Dataset entries
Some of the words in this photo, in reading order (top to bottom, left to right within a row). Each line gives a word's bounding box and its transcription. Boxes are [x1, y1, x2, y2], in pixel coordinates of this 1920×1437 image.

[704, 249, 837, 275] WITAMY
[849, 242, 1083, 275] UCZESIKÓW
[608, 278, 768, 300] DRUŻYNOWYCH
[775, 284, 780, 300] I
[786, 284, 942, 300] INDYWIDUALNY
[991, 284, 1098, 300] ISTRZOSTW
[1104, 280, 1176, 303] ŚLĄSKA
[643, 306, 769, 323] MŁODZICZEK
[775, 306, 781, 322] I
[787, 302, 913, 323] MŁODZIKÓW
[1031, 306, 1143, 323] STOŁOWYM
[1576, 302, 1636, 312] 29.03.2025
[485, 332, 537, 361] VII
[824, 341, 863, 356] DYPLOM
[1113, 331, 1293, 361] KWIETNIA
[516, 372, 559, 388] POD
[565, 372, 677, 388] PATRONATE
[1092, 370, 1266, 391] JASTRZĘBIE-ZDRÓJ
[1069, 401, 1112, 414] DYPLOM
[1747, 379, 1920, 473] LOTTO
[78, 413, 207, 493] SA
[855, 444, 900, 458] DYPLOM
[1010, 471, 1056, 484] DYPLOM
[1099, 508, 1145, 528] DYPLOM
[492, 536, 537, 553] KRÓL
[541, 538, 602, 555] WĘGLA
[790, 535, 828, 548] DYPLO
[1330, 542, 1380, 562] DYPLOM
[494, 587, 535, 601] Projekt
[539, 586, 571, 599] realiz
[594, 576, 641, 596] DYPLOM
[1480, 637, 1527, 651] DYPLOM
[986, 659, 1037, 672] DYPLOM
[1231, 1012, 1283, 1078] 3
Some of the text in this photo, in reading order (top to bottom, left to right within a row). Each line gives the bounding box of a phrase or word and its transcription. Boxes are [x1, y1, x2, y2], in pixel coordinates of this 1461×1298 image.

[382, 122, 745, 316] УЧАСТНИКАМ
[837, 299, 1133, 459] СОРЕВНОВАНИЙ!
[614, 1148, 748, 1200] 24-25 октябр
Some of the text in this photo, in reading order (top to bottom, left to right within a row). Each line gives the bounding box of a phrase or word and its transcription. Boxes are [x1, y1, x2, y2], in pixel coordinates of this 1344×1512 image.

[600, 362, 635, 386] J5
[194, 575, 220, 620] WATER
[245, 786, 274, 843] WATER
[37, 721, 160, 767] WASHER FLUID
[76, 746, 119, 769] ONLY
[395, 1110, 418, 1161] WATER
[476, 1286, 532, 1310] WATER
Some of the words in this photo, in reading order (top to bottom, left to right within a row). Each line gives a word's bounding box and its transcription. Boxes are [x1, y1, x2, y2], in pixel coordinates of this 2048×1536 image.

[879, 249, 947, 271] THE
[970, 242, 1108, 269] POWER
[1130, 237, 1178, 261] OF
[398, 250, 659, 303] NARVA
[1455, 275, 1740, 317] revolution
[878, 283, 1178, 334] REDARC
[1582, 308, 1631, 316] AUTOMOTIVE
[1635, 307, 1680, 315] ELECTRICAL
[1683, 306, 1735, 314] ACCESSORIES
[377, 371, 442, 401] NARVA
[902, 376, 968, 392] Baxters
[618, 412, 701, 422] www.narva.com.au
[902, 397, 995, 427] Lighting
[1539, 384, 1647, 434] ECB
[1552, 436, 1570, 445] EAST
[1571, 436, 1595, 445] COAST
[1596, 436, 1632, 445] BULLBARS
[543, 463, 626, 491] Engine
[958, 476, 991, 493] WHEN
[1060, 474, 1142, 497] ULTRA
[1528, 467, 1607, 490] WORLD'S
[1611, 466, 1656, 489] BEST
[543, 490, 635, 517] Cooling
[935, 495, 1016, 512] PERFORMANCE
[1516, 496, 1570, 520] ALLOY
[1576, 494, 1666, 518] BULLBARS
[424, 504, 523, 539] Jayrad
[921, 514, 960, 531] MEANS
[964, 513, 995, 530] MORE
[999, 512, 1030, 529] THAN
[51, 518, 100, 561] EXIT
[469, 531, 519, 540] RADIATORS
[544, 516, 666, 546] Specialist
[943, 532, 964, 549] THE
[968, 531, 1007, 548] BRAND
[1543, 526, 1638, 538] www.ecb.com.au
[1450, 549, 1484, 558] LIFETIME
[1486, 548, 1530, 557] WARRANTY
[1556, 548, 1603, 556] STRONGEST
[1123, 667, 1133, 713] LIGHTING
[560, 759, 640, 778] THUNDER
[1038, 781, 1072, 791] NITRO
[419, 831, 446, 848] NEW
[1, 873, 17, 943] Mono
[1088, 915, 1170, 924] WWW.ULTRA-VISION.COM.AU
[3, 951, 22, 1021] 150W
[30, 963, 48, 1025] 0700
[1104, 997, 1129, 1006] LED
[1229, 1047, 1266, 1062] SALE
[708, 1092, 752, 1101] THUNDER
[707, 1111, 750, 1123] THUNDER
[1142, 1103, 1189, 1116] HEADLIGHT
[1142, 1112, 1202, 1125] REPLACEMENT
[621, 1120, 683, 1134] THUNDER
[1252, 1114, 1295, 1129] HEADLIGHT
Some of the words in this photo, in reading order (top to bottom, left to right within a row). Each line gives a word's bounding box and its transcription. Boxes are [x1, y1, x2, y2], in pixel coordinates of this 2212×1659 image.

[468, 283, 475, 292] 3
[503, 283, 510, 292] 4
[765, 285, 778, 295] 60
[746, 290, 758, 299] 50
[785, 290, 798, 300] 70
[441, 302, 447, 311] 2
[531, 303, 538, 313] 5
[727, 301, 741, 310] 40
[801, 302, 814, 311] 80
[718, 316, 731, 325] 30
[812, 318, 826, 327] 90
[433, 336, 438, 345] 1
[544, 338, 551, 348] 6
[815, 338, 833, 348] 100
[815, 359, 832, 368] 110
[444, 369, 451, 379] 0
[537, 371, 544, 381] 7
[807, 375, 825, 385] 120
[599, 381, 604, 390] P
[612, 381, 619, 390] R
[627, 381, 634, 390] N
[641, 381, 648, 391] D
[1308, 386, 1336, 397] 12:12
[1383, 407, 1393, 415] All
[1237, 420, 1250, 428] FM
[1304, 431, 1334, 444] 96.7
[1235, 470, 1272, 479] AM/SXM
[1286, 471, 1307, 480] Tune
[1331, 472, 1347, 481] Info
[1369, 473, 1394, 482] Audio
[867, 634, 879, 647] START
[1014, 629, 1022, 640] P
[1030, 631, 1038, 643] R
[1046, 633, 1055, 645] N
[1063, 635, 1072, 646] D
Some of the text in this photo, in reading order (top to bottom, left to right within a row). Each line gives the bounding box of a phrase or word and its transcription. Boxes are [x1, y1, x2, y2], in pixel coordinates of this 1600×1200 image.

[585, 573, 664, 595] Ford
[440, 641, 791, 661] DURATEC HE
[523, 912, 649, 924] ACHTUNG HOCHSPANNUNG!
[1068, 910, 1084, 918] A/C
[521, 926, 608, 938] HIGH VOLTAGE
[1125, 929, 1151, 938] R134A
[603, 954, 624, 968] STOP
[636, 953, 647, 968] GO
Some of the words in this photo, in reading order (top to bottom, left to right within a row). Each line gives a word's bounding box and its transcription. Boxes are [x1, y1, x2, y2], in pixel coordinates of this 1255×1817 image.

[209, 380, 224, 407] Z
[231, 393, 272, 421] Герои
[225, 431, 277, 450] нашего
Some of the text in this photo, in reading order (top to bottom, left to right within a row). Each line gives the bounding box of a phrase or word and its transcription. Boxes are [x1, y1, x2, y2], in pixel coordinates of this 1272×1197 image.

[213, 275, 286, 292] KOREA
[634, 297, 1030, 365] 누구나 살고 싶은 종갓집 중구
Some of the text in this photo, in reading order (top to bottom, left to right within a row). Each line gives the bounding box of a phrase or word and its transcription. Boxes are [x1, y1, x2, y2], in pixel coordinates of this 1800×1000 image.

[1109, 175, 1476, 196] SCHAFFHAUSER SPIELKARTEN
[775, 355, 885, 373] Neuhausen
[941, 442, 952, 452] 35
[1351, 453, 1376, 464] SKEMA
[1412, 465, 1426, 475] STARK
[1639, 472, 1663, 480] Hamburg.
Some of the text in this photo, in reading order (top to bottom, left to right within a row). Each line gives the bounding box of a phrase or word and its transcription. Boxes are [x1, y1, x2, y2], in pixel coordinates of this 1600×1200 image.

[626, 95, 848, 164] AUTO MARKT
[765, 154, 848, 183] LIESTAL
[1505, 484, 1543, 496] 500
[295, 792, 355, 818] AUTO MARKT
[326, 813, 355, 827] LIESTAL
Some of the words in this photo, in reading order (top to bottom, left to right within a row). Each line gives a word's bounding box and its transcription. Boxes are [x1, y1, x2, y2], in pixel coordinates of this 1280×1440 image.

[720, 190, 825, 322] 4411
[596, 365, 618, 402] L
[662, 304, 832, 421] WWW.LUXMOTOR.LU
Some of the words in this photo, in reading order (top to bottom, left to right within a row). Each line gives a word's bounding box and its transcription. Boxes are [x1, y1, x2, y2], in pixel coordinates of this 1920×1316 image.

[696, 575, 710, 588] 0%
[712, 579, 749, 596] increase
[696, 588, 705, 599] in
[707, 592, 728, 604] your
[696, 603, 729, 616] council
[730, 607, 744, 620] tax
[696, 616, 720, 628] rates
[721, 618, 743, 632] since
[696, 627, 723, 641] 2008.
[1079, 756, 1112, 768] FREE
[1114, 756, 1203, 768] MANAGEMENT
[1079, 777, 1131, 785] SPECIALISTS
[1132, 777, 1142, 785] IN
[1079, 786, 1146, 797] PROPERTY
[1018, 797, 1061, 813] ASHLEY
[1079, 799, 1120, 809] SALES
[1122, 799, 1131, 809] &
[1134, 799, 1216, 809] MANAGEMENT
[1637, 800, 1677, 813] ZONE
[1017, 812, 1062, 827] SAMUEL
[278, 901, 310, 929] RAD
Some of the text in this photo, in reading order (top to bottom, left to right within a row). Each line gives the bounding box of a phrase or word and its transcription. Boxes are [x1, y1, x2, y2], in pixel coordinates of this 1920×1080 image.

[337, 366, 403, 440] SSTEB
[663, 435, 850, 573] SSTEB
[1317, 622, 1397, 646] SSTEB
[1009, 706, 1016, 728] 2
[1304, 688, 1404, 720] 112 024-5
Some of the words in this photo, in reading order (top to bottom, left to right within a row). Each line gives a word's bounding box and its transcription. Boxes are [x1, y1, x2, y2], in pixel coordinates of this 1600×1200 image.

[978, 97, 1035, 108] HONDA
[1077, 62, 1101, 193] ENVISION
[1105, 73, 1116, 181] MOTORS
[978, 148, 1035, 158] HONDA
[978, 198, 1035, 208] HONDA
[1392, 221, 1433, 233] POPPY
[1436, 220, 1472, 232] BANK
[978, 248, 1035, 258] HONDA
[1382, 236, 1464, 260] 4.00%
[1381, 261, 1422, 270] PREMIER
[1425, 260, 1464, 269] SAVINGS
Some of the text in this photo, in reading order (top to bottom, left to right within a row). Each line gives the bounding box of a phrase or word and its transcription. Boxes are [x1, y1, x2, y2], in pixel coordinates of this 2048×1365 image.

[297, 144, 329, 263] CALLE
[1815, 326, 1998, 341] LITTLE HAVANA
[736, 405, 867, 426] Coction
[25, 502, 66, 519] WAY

YOUR ASSIGNMENT: Print nothing but the lines from the one that contains "this 1920×1316 image." to the final line of the data, both included, exactly as they read.

YOUR SOLUTION:
Some of the words in this photo, in reading order (top to bottom, left to right within a row). Each line gives a word's bounding box and its transcription. Boxes are [x1, y1, x2, y2], in pixel coordinates of this 1920×1316 image.

[696, 575, 710, 588] 0%
[712, 579, 749, 596] increase
[696, 588, 705, 599] in
[707, 592, 728, 604] your
[696, 603, 729, 616] council
[730, 607, 744, 620] tax
[696, 616, 720, 628] rates
[721, 618, 743, 632] since
[696, 627, 723, 641] 2008.
[1079, 756, 1112, 768] FREE
[1114, 756, 1203, 768] MANAGEMENT
[1079, 777, 1131, 785] SPECIALISTS
[1132, 777, 1142, 785] IN
[1079, 786, 1146, 797] PROPERTY
[1018, 797, 1061, 813] ASHLEY
[1079, 799, 1120, 809] SALES
[1122, 799, 1131, 809] &
[1134, 799, 1216, 809] MANAGEMENT
[1637, 800, 1677, 813] ZONE
[1017, 812, 1062, 827] SAMUEL
[278, 901, 310, 929] RAD
Some of the text in this photo, in reading order (top to bottom, left to right within a row). Each line gives the bounding box of a phrase or word and its transcription. Boxes are [x1, y1, x2, y2], in pixel coordinates of this 1920×1080 image.

[337, 366, 403, 440] SSTEB
[663, 435, 850, 573] SSTEB
[1317, 622, 1397, 646] SSTEB
[1009, 706, 1016, 728] 2
[1304, 688, 1404, 720] 112 024-5
Some of the words in this photo, in reading order (top to bottom, left to right within a row). Each line gives a word's bounding box and its transcription. Boxes are [x1, y1, x2, y2], in pixel coordinates of this 1600×1200 image.

[978, 97, 1035, 108] HONDA
[1077, 62, 1101, 193] ENVISION
[1105, 73, 1116, 181] MOTORS
[978, 148, 1035, 158] HONDA
[978, 198, 1035, 208] HONDA
[1392, 221, 1433, 233] POPPY
[1436, 220, 1472, 232] BANK
[978, 248, 1035, 258] HONDA
[1382, 236, 1464, 260] 4.00%
[1381, 261, 1422, 270] PREMIER
[1425, 260, 1464, 269] SAVINGS
Some of the text in this photo, in reading order (top to bottom, left to right within a row). Each line gives the bounding box of a phrase or word and its transcription. Boxes are [x1, y1, x2, y2], in pixel coordinates of this 2048×1365 image.

[297, 144, 329, 263] CALLE
[1815, 326, 1998, 341] LITTLE HAVANA
[736, 405, 867, 426] Coction
[25, 502, 66, 519] WAY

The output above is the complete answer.